The start of the baseball season is less than a month away. Every weekday until opening day, we’ll be counting down, from No. 20 to No. 1, the most important Yankees players for the upcoming 2010 slate. Today, No. 15, pitcher Javier Vazquez.
Here’s a conversation that took place more than once this off-season around the New York offices:
Will: I think the Yankees have made some good moves so far.
Joe: I agree, though I’m not sure about Javier Vazquez.
Will: [Rolls his eyes and says something about Joe being irrational on the subject of Vazquez, which is completely true.]
The hesitation with Javier Vazquez, of course, has little to do with what he’s done between stints in New York. Last season, he won fifteen games and struck out 238 batters, with a 2.87 ERA and a 1.026 WHIP. Granted, that was in the National League, but he spent three years with the White Sox, too, and his 2007 campaign, at least, wasn’t bad at all. If the Yankees signed an unnamed Pitcher X with these numbers to be their fourth starter, no one would bat an eye.

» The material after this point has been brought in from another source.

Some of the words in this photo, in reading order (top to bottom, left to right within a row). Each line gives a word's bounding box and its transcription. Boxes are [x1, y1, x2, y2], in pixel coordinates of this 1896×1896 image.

But Vazquez is not Pitcher X. He was a living, breathing member of the 2004 ACLS team and happened to be the guy to throw the pitch to Johnny Damon that for all intents and purposes ended the Curse once and for all. But to say Vazquez had a bad 2004 is only half true. He made the All-Star team, albeit as a Joe Torre–selected replacement, but his numbers fell after the break. His ERA ballooned from 3.56 to 4.91, and he’d win just four more games.

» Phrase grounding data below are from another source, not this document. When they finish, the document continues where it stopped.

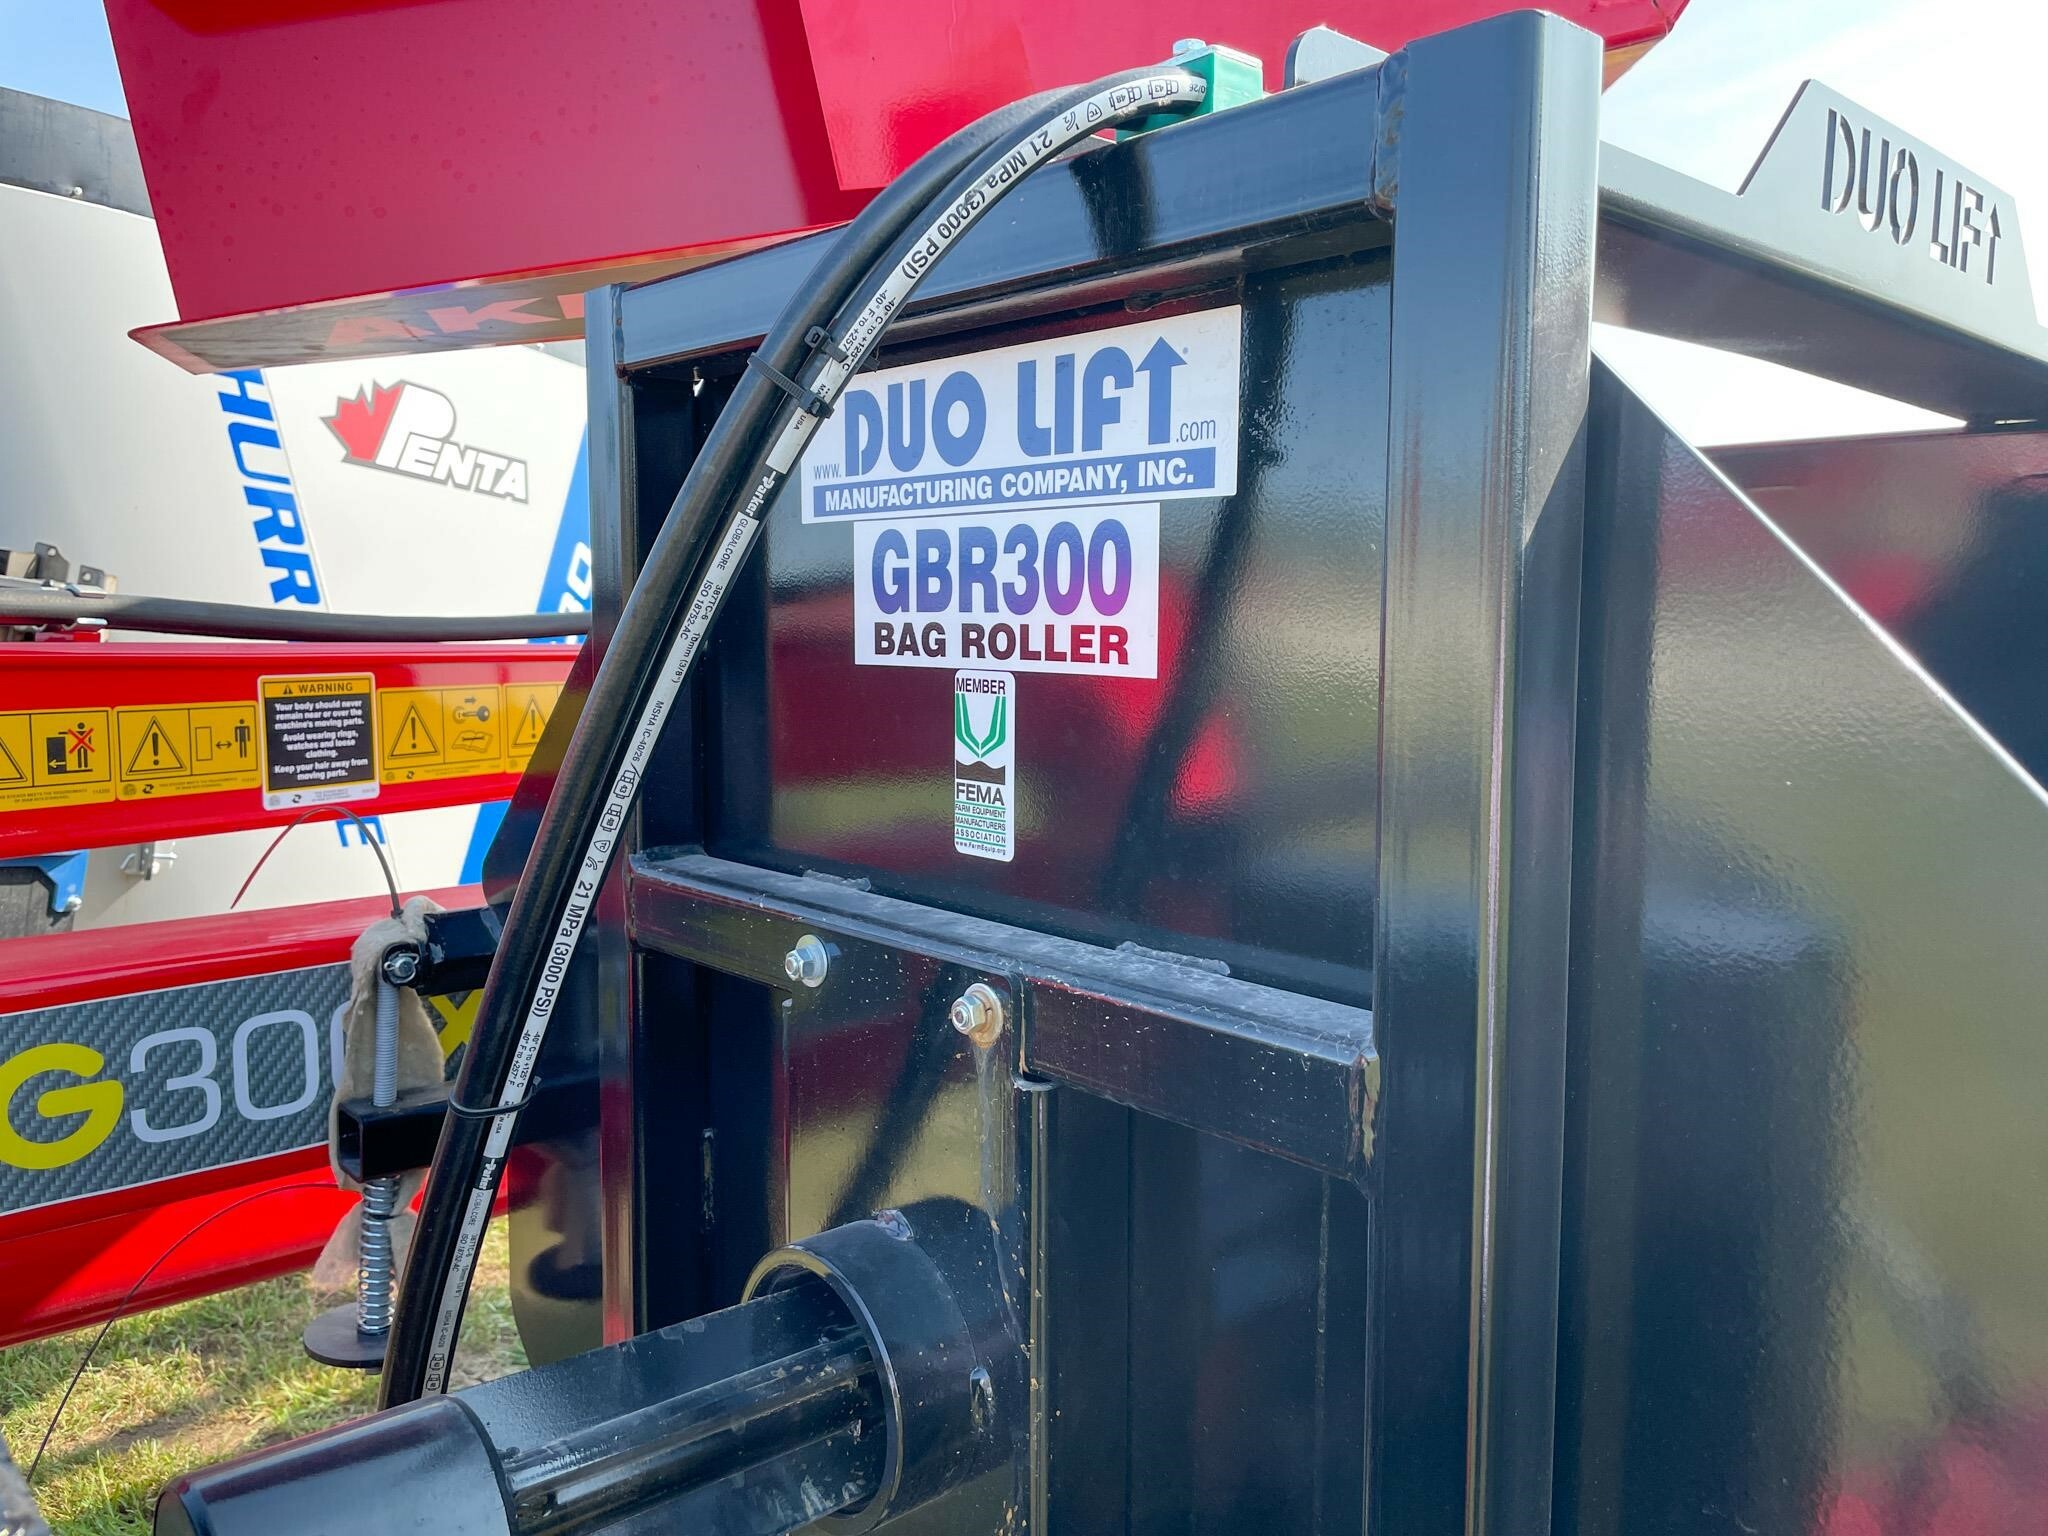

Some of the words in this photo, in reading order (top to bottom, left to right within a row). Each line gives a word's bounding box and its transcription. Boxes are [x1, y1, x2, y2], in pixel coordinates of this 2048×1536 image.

[1027, 129, 1054, 156] 21
[985, 151, 1027, 189] MPa
[1821, 107, 1920, 246] DUO
[1929, 167, 2002, 286] LIFT
[937, 189, 986, 240] (3000
[901, 237, 940, 280] PSI)
[867, 308, 876, 318] F
[875, 316, 884, 326] C
[841, 362, 851, 372] C
[813, 463, 842, 480] www.
[844, 370, 987, 477] DUO
[1017, 335, 1188, 457] LIFT
[1175, 416, 1216, 443] .com
[745, 470, 777, 517] Parker
[824, 475, 993, 513] MANUFACTURING
[1000, 463, 1128, 498] COMPANY,
[1137, 456, 1194, 488] INC.
[717, 518, 749, 571] GLOBALCORE
[871, 518, 1132, 617] GBR300
[700, 580, 714, 598] ISO
[680, 599, 703, 640] 18752-AC
[874, 621, 947, 658] BAG
[961, 623, 1129, 665] ROLLER
[297, 682, 354, 694] WARNING
[955, 677, 1006, 695] MEMBER
[274, 703, 293, 712] Your
[293, 702, 315, 711] body
[315, 700, 341, 710] should
[341, 700, 363, 708] never
[275, 712, 304, 721] remain
[304, 711, 322, 719] near
[322, 710, 332, 718] or
[332, 709, 350, 717] over
[350, 708, 363, 717] the
[646, 699, 665, 726] MSHA
[274, 719, 314, 730] machine's
[314, 718, 343, 728] moving
[343, 716, 365, 727] parts.
[282, 732, 306, 742] Avoid
[306, 730, 337, 741] wearing
[337, 729, 360, 739] rings,
[286, 741, 320, 751] watches
[319, 740, 335, 748] and
[335, 739, 357, 747] loose
[305, 749, 339, 759] clothing.
[274, 764, 295, 774] Keep
[296, 763, 314, 773] your
[314, 761, 330, 770] hair
[330, 760, 351, 769] away
[351, 757, 369, 767] from
[297, 771, 326, 780] moving
[326, 769, 349, 780] parts.
[955, 781, 1005, 807] FEMA
[955, 803, 971, 815] FARM
[971, 806, 1006, 819] EQUIPMENT
[955, 815, 1006, 832] MANUFACTURERS
[955, 827, 1006, 844] ASSOCIATION
[574, 879, 594, 899] 21
[559, 903, 586, 938] MPa
[544, 942, 573, 983] (3000
[532, 986, 556, 1018] PSI)

It didn’t help Vazquez that, last time around, he was expected to be a front-of-the-rotation starter for years to come. That, obviously, didn’t happen: Come Game 7 of the ALCS, the most important game in the history of important games, Vazquez was passed over for Kevin freaking Brown. Now, further along in his career, he’s had good years and bad years and mediocre years, like plenty of veteran fourth starters. Expectations are far lower now, despite the fact that he was another team’s ace just last year. We’ve talked ourselves into Vazquez this off-season (he was fourth in Cy Young voting last year!) as many times as we’ve talked ourselves out of Vazquez (he can’t pitch in New York!). We imagine, barring an extremely good or bad 2010, many fans will have a similarly complicated relationship with him this year. But who ever said fandom was a rational thing anyway?